* [The input]
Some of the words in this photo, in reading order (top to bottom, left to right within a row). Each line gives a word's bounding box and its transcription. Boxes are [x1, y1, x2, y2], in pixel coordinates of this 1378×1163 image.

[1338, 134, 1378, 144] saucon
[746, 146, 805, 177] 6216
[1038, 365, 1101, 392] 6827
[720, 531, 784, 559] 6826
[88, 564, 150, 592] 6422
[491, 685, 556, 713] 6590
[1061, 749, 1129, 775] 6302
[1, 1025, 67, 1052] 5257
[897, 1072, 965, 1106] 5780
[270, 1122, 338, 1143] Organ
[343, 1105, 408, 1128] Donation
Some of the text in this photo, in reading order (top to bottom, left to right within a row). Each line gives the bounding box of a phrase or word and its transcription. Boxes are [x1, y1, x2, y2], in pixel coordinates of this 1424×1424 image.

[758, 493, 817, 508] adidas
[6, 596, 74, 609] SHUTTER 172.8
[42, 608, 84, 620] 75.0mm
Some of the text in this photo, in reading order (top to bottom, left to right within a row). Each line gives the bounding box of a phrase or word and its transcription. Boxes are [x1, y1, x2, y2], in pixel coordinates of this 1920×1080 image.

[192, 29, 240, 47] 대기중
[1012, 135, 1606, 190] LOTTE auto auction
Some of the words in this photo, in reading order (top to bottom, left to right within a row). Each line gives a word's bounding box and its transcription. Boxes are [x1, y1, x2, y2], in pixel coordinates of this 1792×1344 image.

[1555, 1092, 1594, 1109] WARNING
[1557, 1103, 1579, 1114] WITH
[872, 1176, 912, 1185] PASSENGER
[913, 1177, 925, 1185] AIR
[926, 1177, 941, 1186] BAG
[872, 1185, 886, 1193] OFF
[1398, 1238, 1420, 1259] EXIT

* [Aim of the exercise] Give every record again, exactly as it appears.

* [Solution to the problem]
Some of the words in this photo, in reading order (top to bottom, left to right within a row). Each line gives a word's bounding box and its transcription. Boxes are [x1, y1, x2, y2], in pixel coordinates of this 1378×1163 image.

[1338, 134, 1378, 144] saucon
[746, 146, 805, 177] 6216
[1038, 365, 1101, 392] 6827
[720, 531, 784, 559] 6826
[88, 564, 150, 592] 6422
[491, 685, 556, 713] 6590
[1061, 749, 1129, 775] 6302
[1, 1025, 67, 1052] 5257
[897, 1072, 965, 1106] 5780
[270, 1122, 338, 1143] Organ
[343, 1105, 408, 1128] Donation
Some of the text in this photo, in reading order (top to bottom, left to right within a row). Each line gives the bounding box of a phrase or word and its transcription. Boxes are [x1, y1, x2, y2], in pixel coordinates of this 1424×1424 image.

[758, 493, 817, 508] adidas
[6, 596, 74, 609] SHUTTER 172.8
[42, 608, 84, 620] 75.0mm
Some of the text in this photo, in reading order (top to bottom, left to right within a row). Each line gives the bounding box of a phrase or word and its transcription. Boxes are [x1, y1, x2, y2], in pixel coordinates of this 1920×1080 image.

[192, 29, 240, 47] 대기중
[1012, 135, 1606, 190] LOTTE auto auction
Some of the words in this photo, in reading order (top to bottom, left to right within a row). Each line gives a word's bounding box and its transcription. Boxes are [x1, y1, x2, y2], in pixel coordinates of this 1792×1344 image.

[1555, 1092, 1594, 1109] WARNING
[1557, 1103, 1579, 1114] WITH
[872, 1176, 912, 1185] PASSENGER
[913, 1177, 925, 1185] AIR
[926, 1177, 941, 1186] BAG
[872, 1185, 886, 1193] OFF
[1398, 1238, 1420, 1259] EXIT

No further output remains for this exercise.